Tag Archives: 2021 year in review

A Real American Book! 2021 in Review

It’s been a full and yet challenging year. Ha! Even the fact that this post is two months late is a commentary on that fact. But a remnant of the school-teaching calendar is that I consider February 15th to February 14th, rather than Jan. 1 to Dec. 31, to be my book-writing year, and here we are. Were. Are.

In December 2020 — that is, a little over 12 months ago — I was interviewed by “Funky Bunch” Mark for the Talking Joe podcast. He was interested in my book. I admitted the previous year hadn’t been great for writing, as pandemic challenges, teaching, and my shop renovation took up much time and mental space. But I was certain that 2021 was going to be different! But those three elements have continued, and in terms of just researching and just writing and just editing, I don’t have much to report.
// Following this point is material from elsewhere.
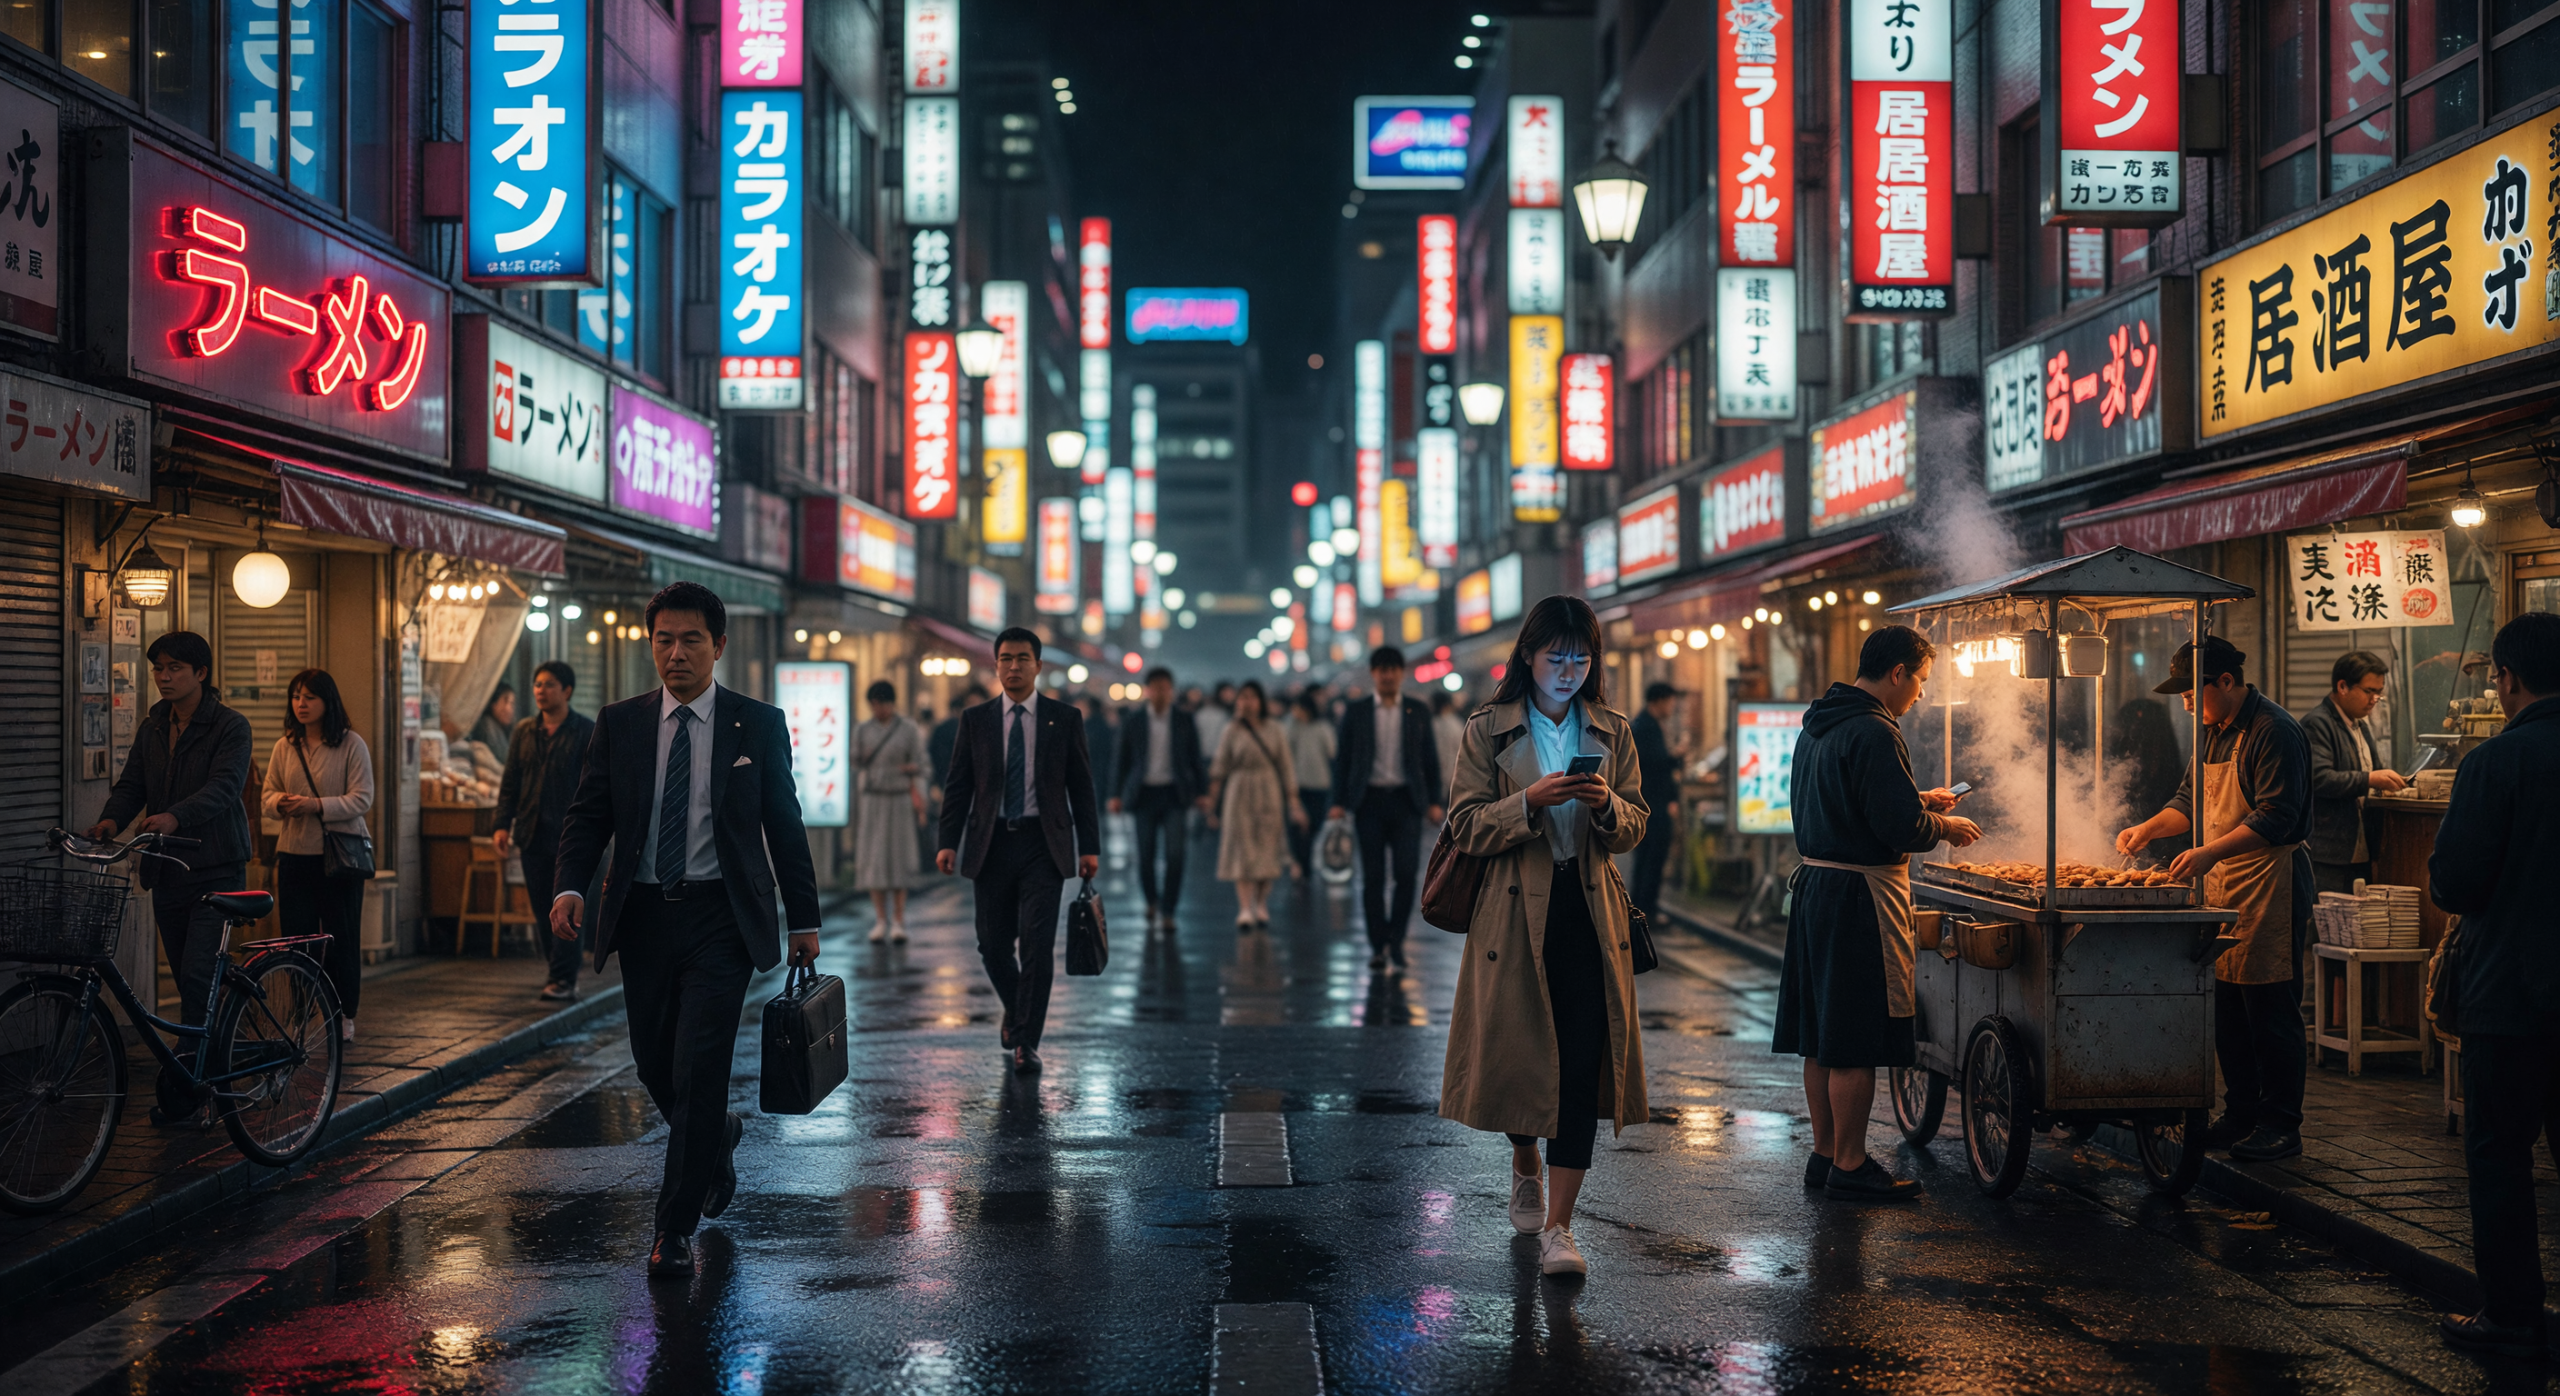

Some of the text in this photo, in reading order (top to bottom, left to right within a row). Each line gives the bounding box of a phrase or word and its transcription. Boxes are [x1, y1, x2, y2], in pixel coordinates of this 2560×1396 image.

It’s striking to see the great strides that a few hard working peers have made in the realm of G.I. Joe publishing. And I’m encouraged by the positive responses their various outreaches and crowdfunding campaigns have netted. Maybe that bodes well for a book like mine. Certainly the 40th anniversary would have been a good year to launch A Real American Book! into the world, but there’s still a chapter to write, several chapters to edit, and several to redesign. But something has shifted that will make part of ’22 better for sitting at the computer and flicking my fingers across the keyboard. More on that below.

A G.I. Joe Thing I Did This Year: Posted 10 articles here at the blog. That’s an okay number. To my eye, there are three glaring omissions, interview excerpts with and remembrances of a few important G.I. Joe alums who passed away. I just didn’t get around to banging those blog posts into shape. Maybe in this new year. (I keep trying to post short articles, like one rare image with a 50-word paragraph, but as you can see from the Rob Liefeld tome or the Marie Severin thing, it’s difficult to not expand — more context, more examples.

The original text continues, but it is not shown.